Diabetic nephropathy is the leading cause of end-stage renal disease worldwide, and is associated with a high risk of cardiovascular morbidity and mortality. Intensive control of glucose levels and blood pressure is currently the mainstay of both prevention and treatment of diabetic nephropathy. However, this strategy cannot fully prevent the development and progression of diabetic nephropathy, and an unmet need remains for additional novel therapies. The incretin-based agents--agonists of glucagon-like peptide 1 receptor (GLP-1R) and inhibitors of dipeptidyl peptidase 4 (DPP-4), an enzyme that degrades glucagon-like peptide 1--are novel blood-glucose-lowering drugs used in the treatment of type 2 diabetes mellitus (T2DM). Therapeutic agents from these two drug classes improve pancreatic islet function and induce extrapancreatic effects that ameliorate various phenotypic defects of T2DM that are beyond glucose control. Agonists of GLP-1R and inhibitors of DPP-4 reduce blood pressure, dyslipidaemia and inflammation, although only GLP-1R agonists decrease body weight. Both types of incretin-based agents inhibit renal tubular sodium reabsorption and decrease glomerular pressure as well as albuminuria in rodents and humans. In rodents, incretin-based therapies also prevent onset of the morphological abnormalities of diabetic nephropathy.

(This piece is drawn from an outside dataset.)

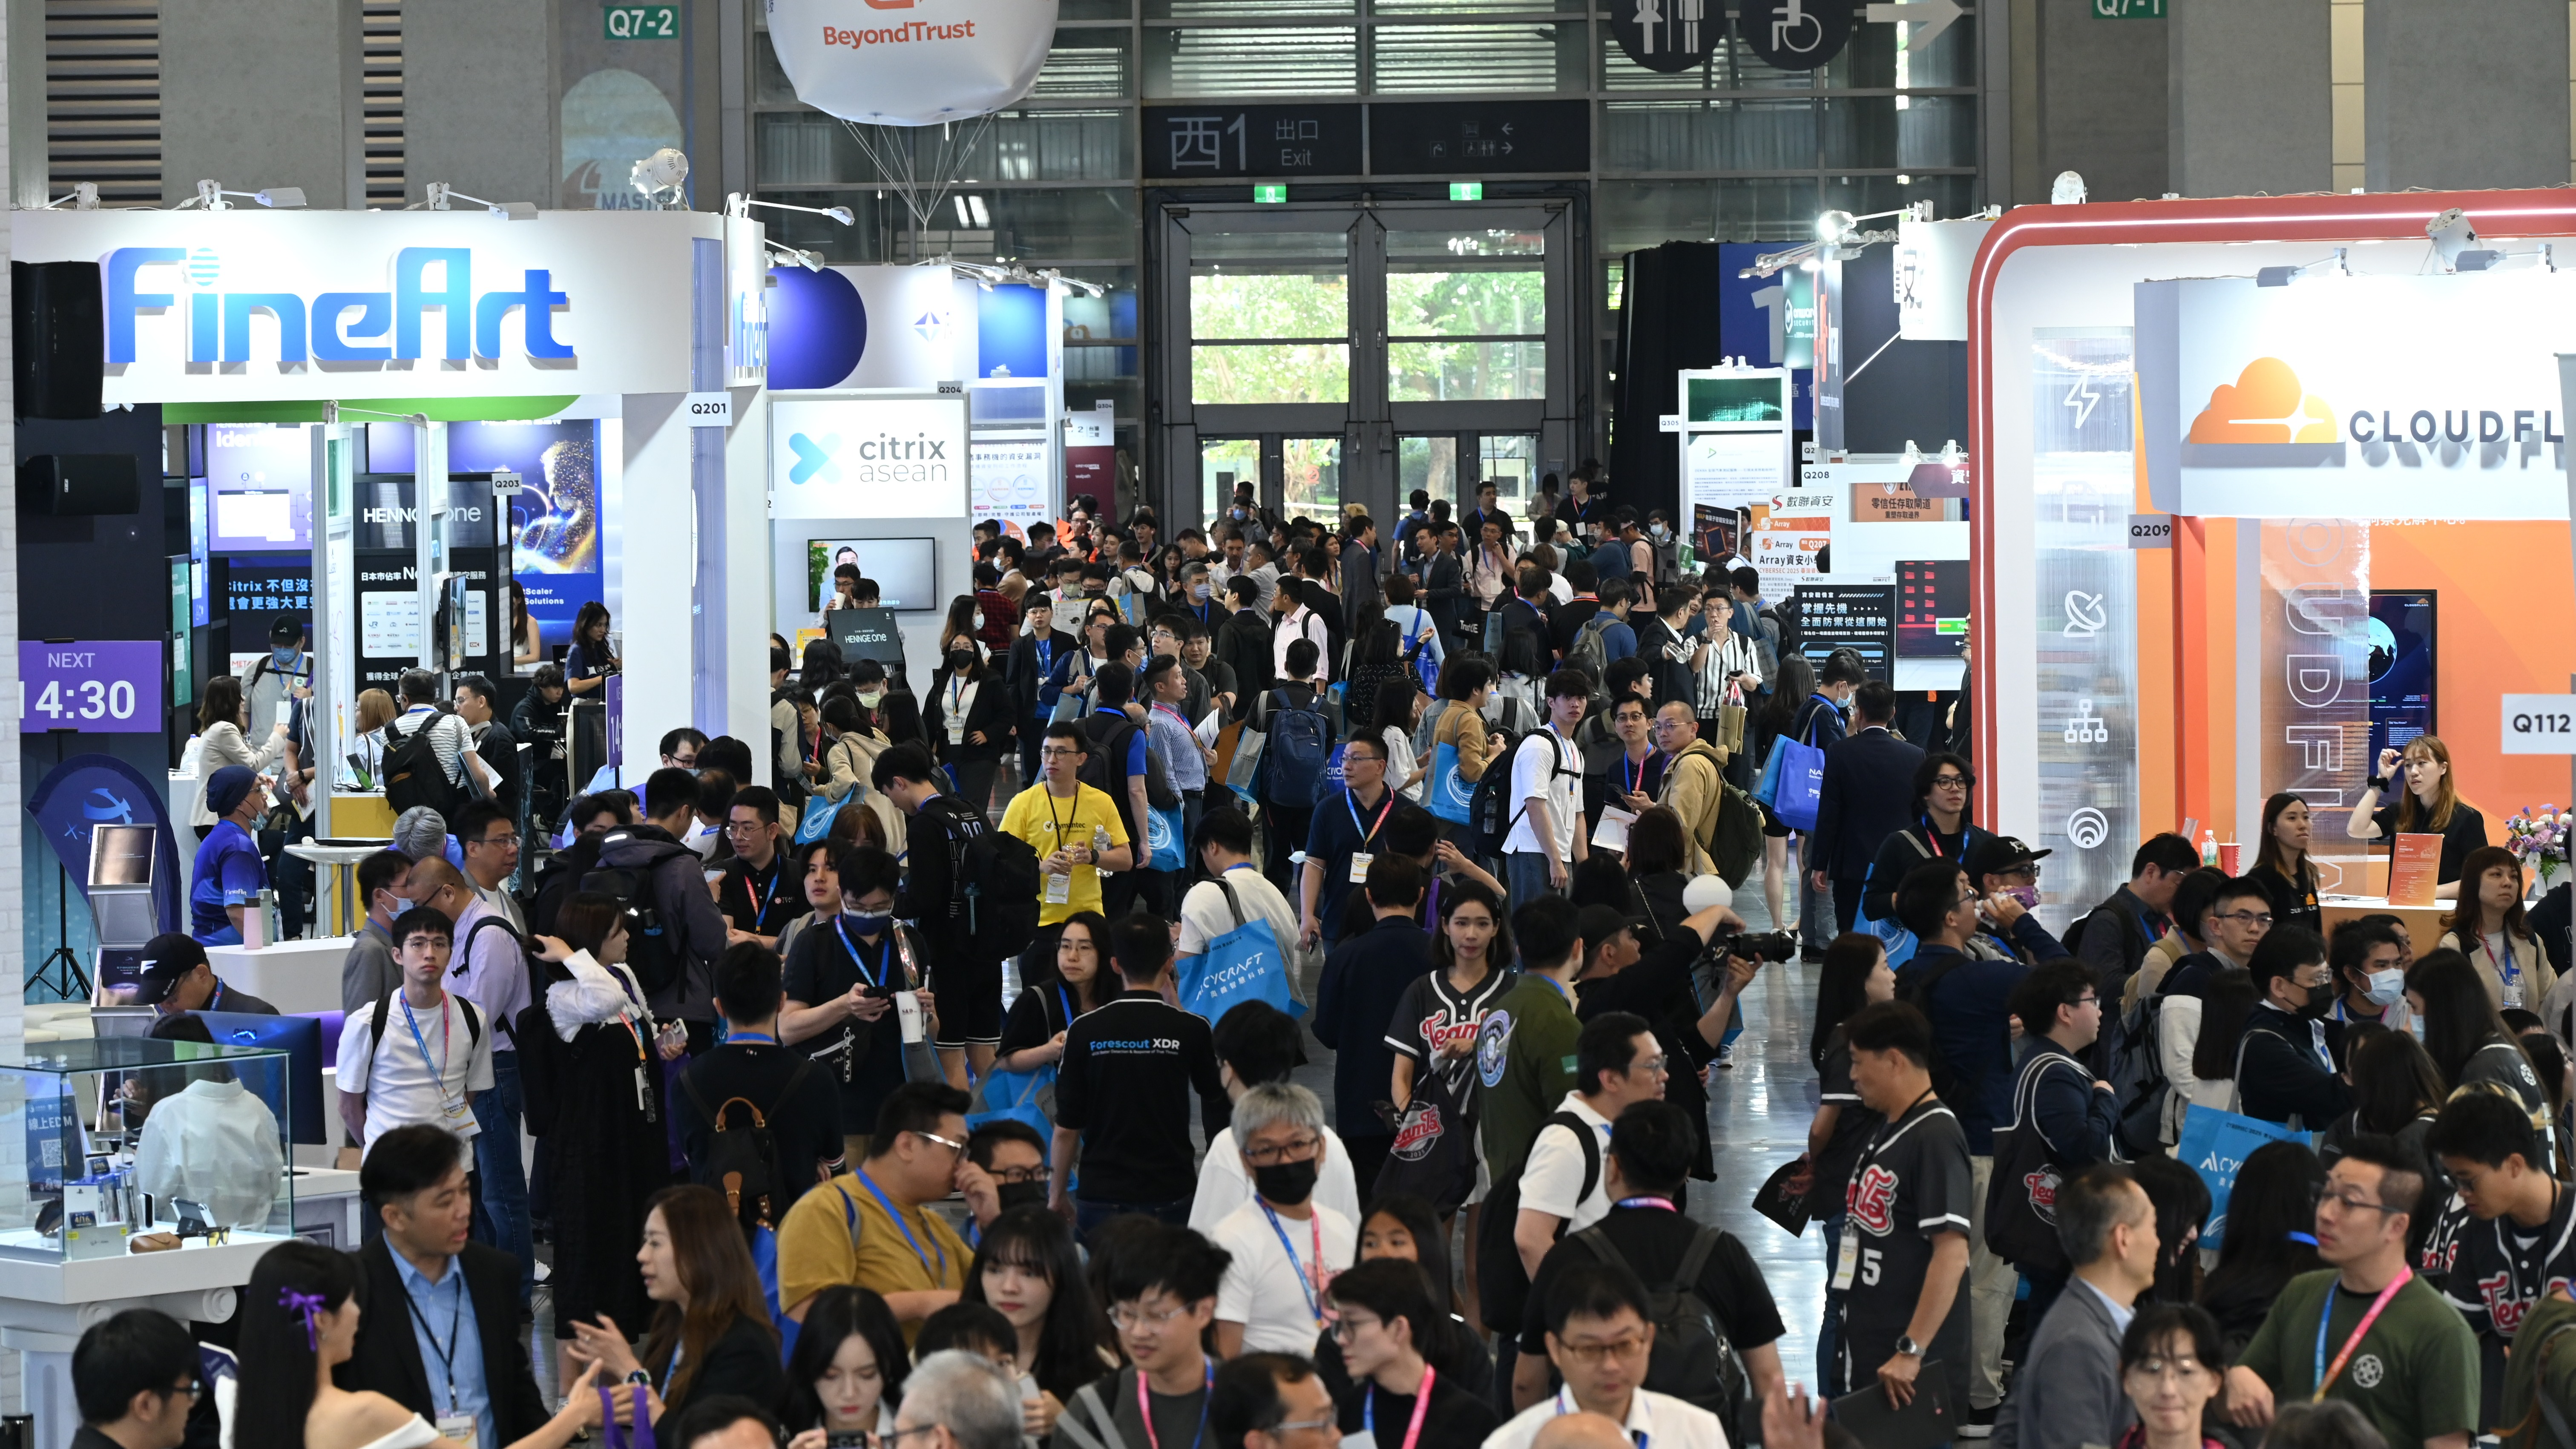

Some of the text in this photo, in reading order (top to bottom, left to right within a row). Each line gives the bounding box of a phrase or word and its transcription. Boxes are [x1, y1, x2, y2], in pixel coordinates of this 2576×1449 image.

糖尿病肾病是全球范围内导致终末期肾病的主要原因,与心血管发病率和死亡率升高相关。目前,严格控制血糖水平和血压是预防和治疗糖尿病肾病的主要方法。然而,这种策略并不能完全预防糖尿病肾病的发生和进展,因此仍然需要额外的新型治疗方法。基于肠促胰岛素的药物——胰高血糖素样肽 1 受体(GLP-1R)激动剂和二肽基肽酶 4(DPP-4)抑制剂,是用于治疗 2 型糖尿病(T2DM)的新型降血糖药物。这两类治疗药物可改善胰岛功能,并发挥胰外作用,改善 T2DM 的各种表型缺陷,而不仅仅是控制血糖。GLP-1R 激动剂和 DPP-4 抑制剂可降低血压、血脂异常和炎症,尽管只有 GLP-1R 激动剂可减轻体重。这两种肠促胰岛素药物均可抑制啮齿动物和人类的肾小管钠重吸收,并降低肾小球压和蛋白尿。在啮齿动物中,肠促胰岛素治疗还可预防糖尿病肾病的形态学异常的发生。